Martha Rosler, Untitled (Playboy), c. 1972 from Body Beautiful, or Beauty Knows No Pain

Like many European and North American artists of her moment, Varo approaches this conflict through the language of advertising. A few years later in her series Body Beautiful, or Beauty Knows No Pain (1966-72), Martha Rosler wrestled with the imagery of female objectification in advertising culture of the midcentury, using photomontage to examine the external pressures, expectations, and fantasies projected upon women by drawing attention to the way they are packaged and exposed for consumption. These disquieting images evoke the earlier photomontages of Dada artist Hannah Hoch, whose images of fragmented female bodies combine early twentieth-century advertisements with ancient sculptures in museum collections to assert they are consumed in the same manner—as objects. Like Varo, both artists raised a concern about the use of scientific advancement and technology to further entrap those already on the margins of society—housewives are entangled by vacuum cleaners; models apply increasingly futuristic makeup.

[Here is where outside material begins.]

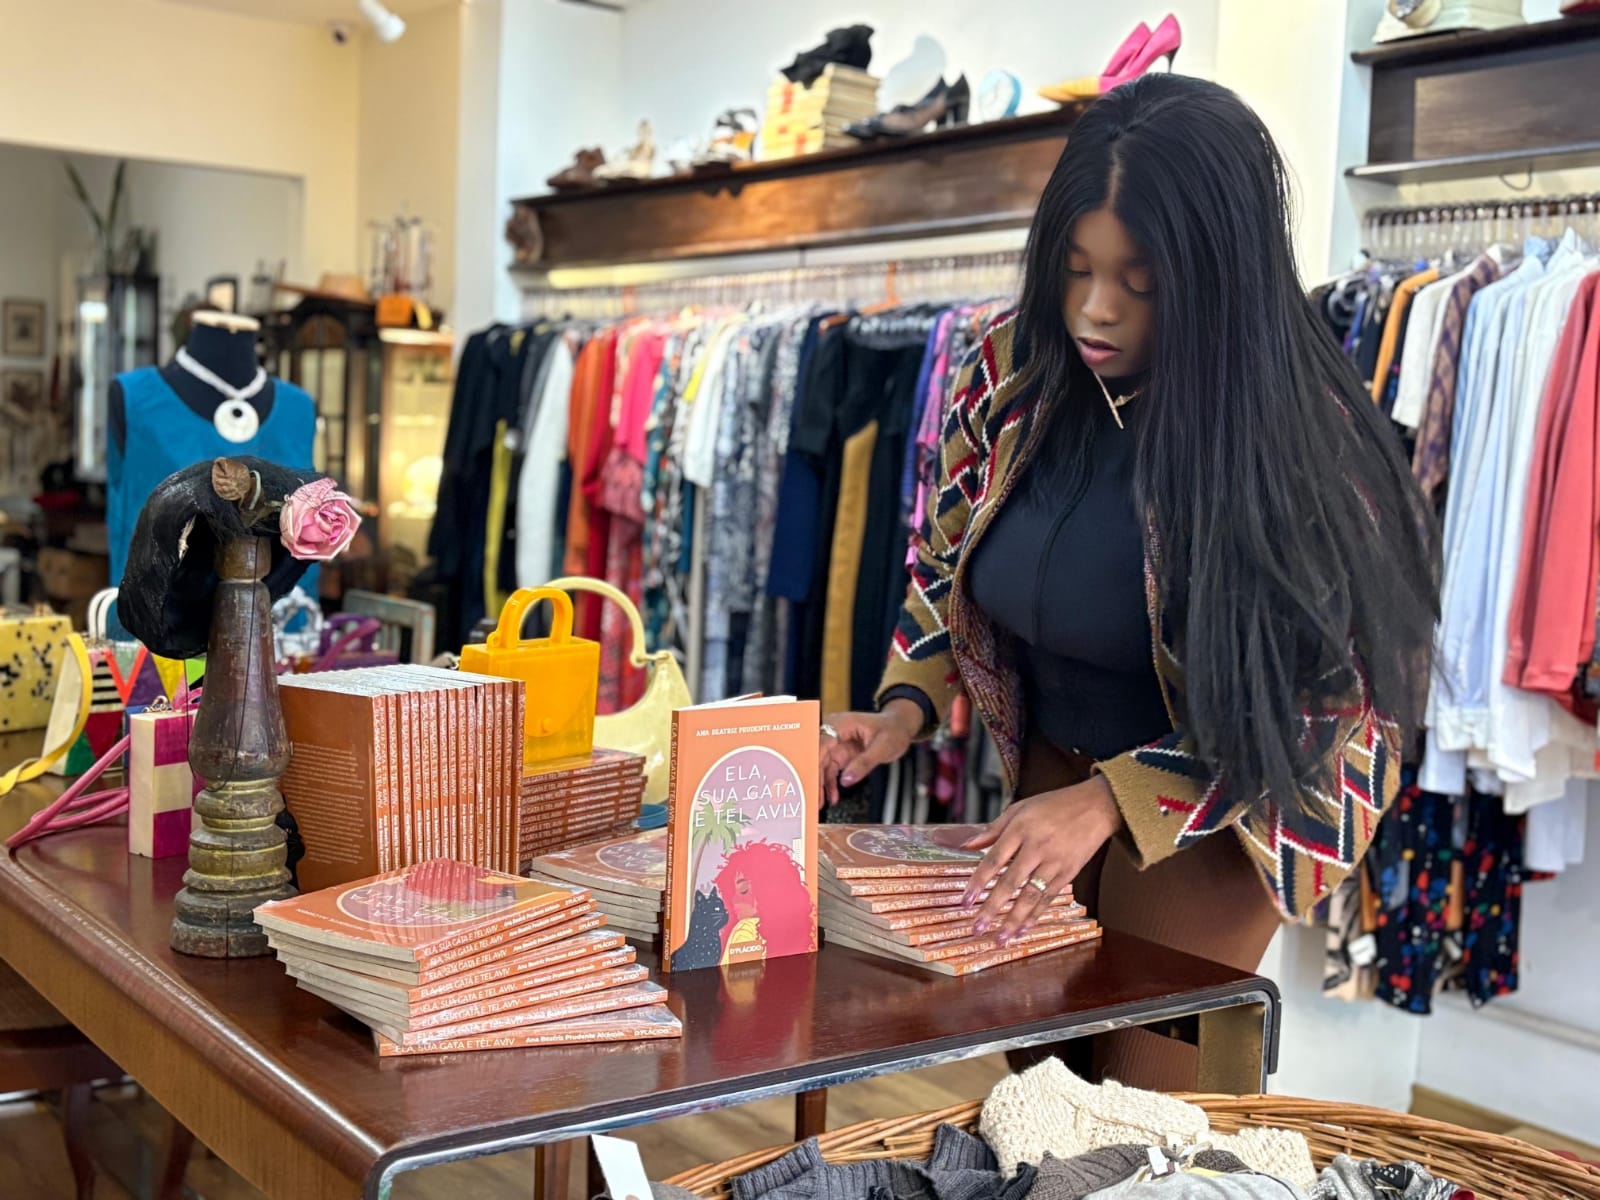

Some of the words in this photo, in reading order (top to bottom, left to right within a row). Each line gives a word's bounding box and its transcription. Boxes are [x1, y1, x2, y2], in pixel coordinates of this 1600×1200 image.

Hannah Höch, Untitled (From an Ethnographic Museum), 1930, Museum für Kunst und Gewerbe Hamburg © 2022 Hannah Höch / Artists Rights Society (ARS), New York
Andy Warhol, Before and After, 1961, The Museum of Modern Art, New York © 2022 Andy Warhol Foundation for the Visual Arts / Artists Rights Society (ARS), New York

However, as shared by Dr. Asch, Varo’s examination of plastic surgery goes beyond this gendered aspect, and was undergirded by genuine interest in it. Just one year later in 1961, Andy Warhol examines the same aquiline nose that Varo contemplated adjusting in his iconic series Before and After, based on a nose-job ad that ran in the National Enquirer. Like Varo, Warhol fixated on his nose, but unlike her he did attempt to alter it—to mixed results that only fueled his complex. In the wake of World War II, the racial coding of this hooked nose as Jewish cannot be ignored; Warhol zeroes in on its presentation as the undesirable opposite of the desirable Anglo-Saxon nose, which represents entry to a higher socio-economic class, success in addition to beauty. In Varo’s image however, the heroine’s nose is not hooked, but beaklike, pointed—more like that of Pinocchio. The winking humor of this bit of resonance is pure characteristic Varo—a deep believer in the importance of balance and harmony, she never presents darkness without wit - or vice versa.

One of the most explicitly autobiographical and pointedly political works in Varo’s oeuvre, A Visit to the Plastic Surgeon is remarkable not only as a tour-de-force of technical prowess but as an incisive reflection on womens’ relationship with their bodily autonomy in the mid-century.